Open Source Public Policy
by Charles Leadbeater
But you can have projects which are formally open source which do not encourage open source ways of working: an open source airliner might fit into this category. The plans might be available open source but it might be impossible to organise an open source community around the project.
Then the question is whether you can generate open source style ways of working - decentralised, collaborative, peer to peer - without needing formal open source ownership. The answer to this is clearly yes but they are less than pure open source.
This latter point matters because in some cases the obstacle to creating an open source style of working is not to be found in intellectual property constraints. The blockage might be, for example, about professional power. What stops people in health and education devising more open, collaborative, self-managed approaches is the control that professionals still exert in defining what the service should be. Making medical knowledge formally open
source under a public license might help but you would need other reforms as well to encourage open source ways of working.

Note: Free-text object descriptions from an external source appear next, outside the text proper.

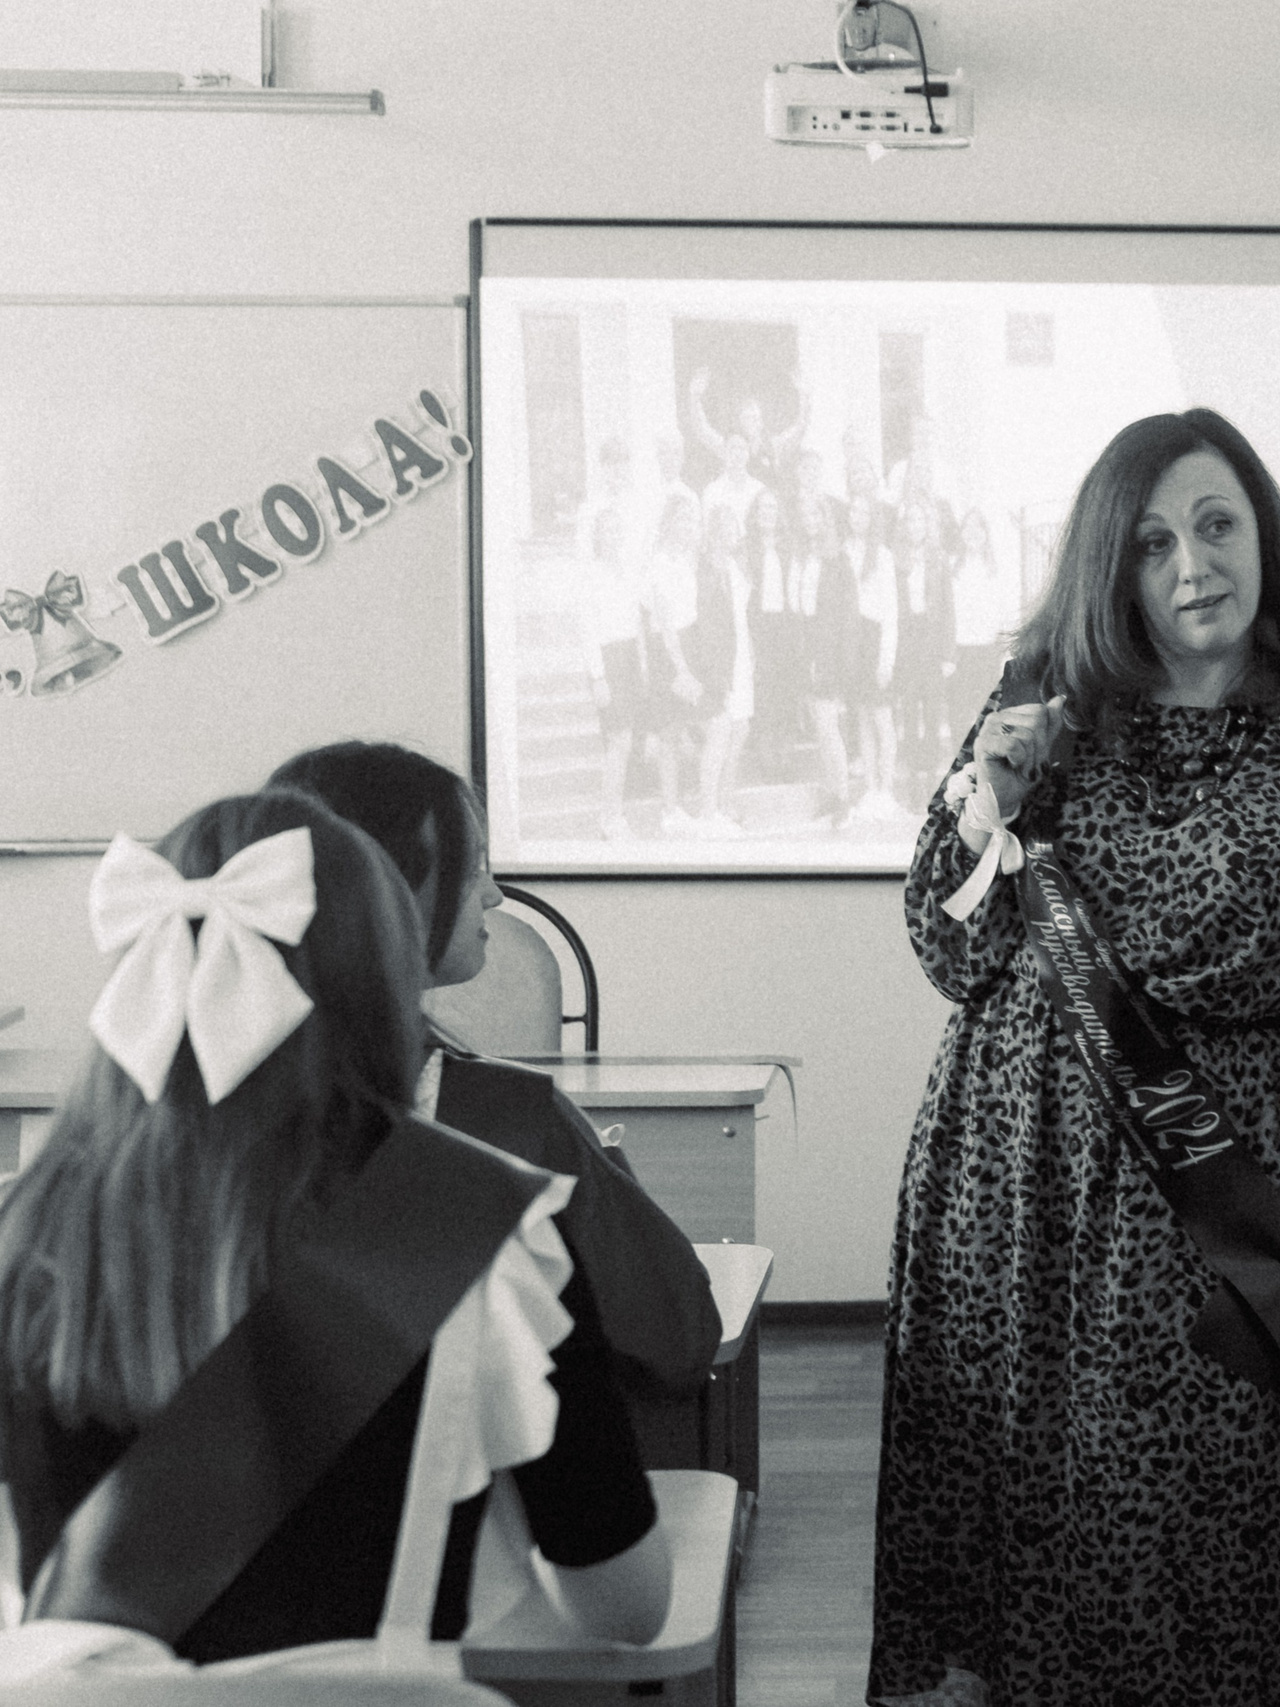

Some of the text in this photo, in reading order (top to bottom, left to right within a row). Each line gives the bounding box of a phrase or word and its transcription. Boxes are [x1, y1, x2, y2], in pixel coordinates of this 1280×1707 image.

[116, 388, 470, 640] ШКОЛА!
[1027, 842, 1104, 971] Классный
[1031, 920, 1136, 1087] руководитель
[1127, 1070, 1234, 1170] 2024
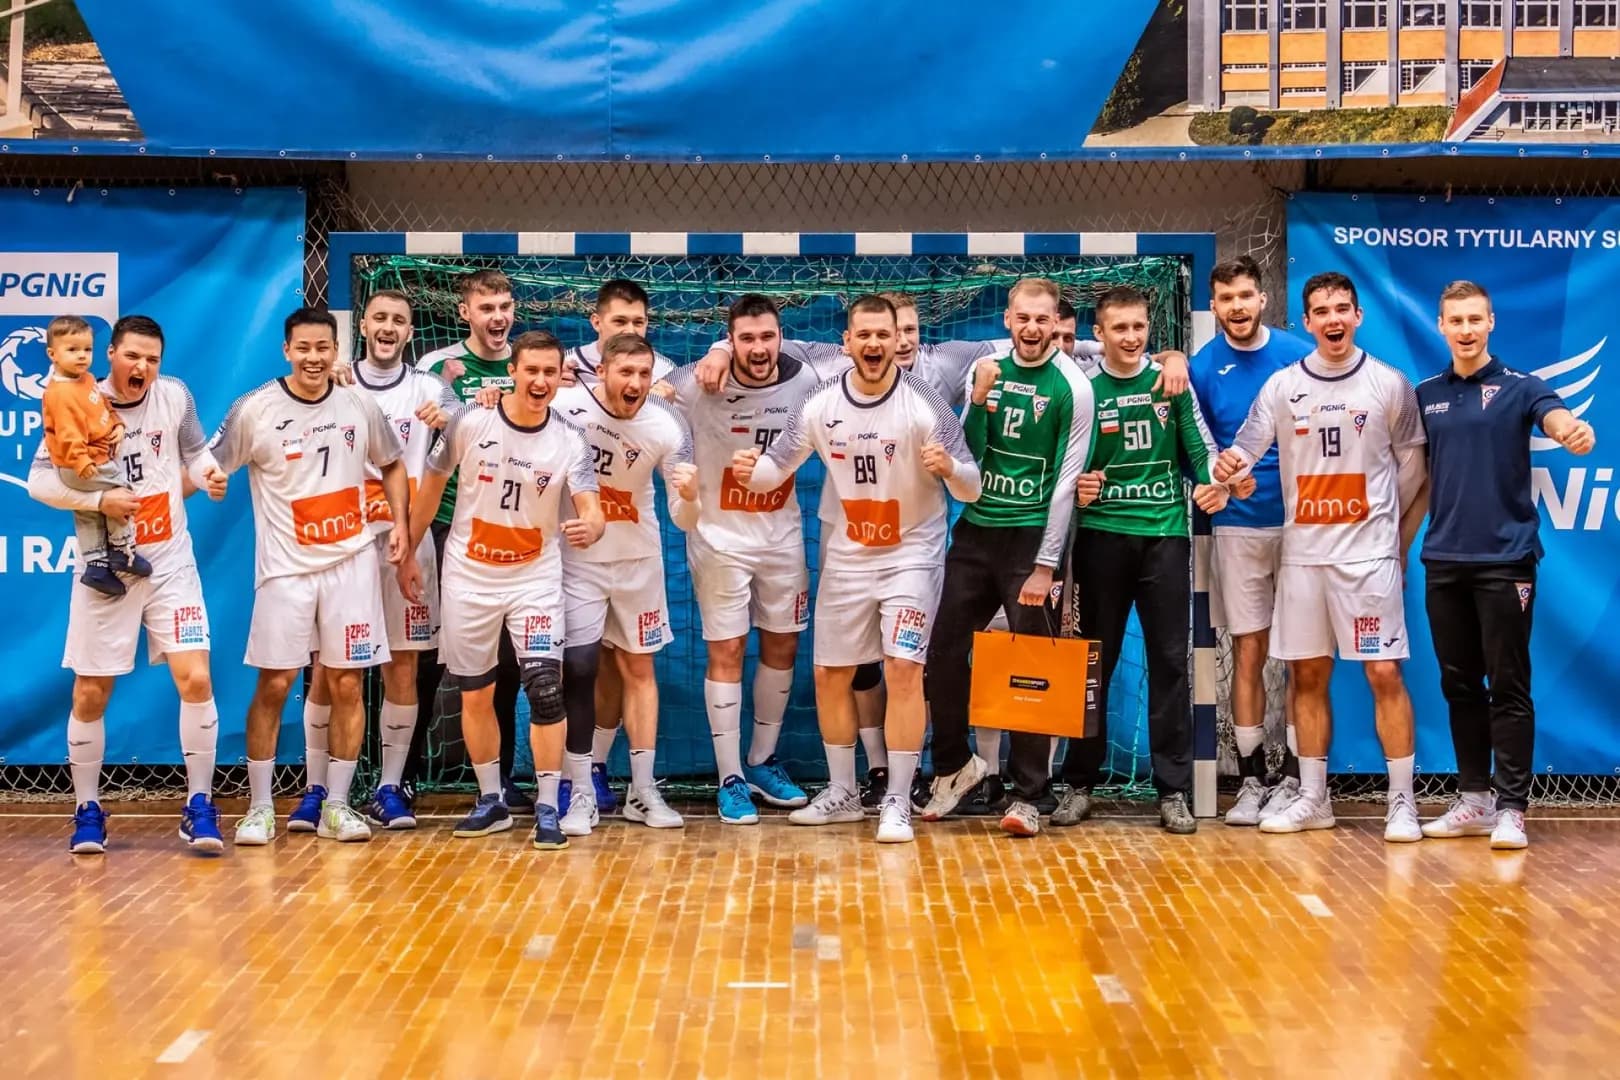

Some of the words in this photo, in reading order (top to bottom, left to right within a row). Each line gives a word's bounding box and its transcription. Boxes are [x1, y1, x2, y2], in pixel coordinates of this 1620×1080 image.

[1334, 227, 1448, 248] SPONSOR
[1455, 229, 1596, 249] TYTULARNY
[1602, 230, 1620, 249] S
[0, 273, 106, 297] PGNiG
[1321, 403, 1346, 412] PGNiG
[1003, 406, 1025, 439] 12
[1124, 420, 1152, 450] 50
[1319, 427, 1341, 457] 19
[123, 453, 144, 482] 15
[318, 445, 330, 477] 7
[590, 444, 613, 476] 22
[854, 455, 877, 484] 89
[982, 470, 1034, 497] nmc
[1107, 481, 1167, 498] nmc
[500, 480, 522, 512] 21
[728, 488, 783, 506] nmc
[1300, 498, 1362, 517] nmc
[1531, 467, 1620, 531] Ni
[304, 512, 355, 541] nmc
[847, 522, 892, 541] nmc
[474, 543, 524, 561] nm
[180, 606, 202, 621] ZPEC
[530, 616, 552, 630] ZPEC
[902, 609, 926, 628] ZPEC
[1359, 617, 1380, 632] ZPEC
[351, 623, 370, 639] ZPEC

So I think the task, at least for us at Demos (not for the pure open source evangelists) is to describe the conditions under which mass, collaborative, decentralised solutions become possible; when do they work; and what stands in their way? How do you spread open source styles of working even if you cannot spread open source ownership?
If we think these distributed, co-created, collaborative approaches are potent in creating public goods then how can be enable more of them? In some sectors the biggest obstacles might be IP reform. In others it may be to do with professional power and inequalities in access to resources.
Anyway, the session certainly got me thinking. Thanks to all who came along.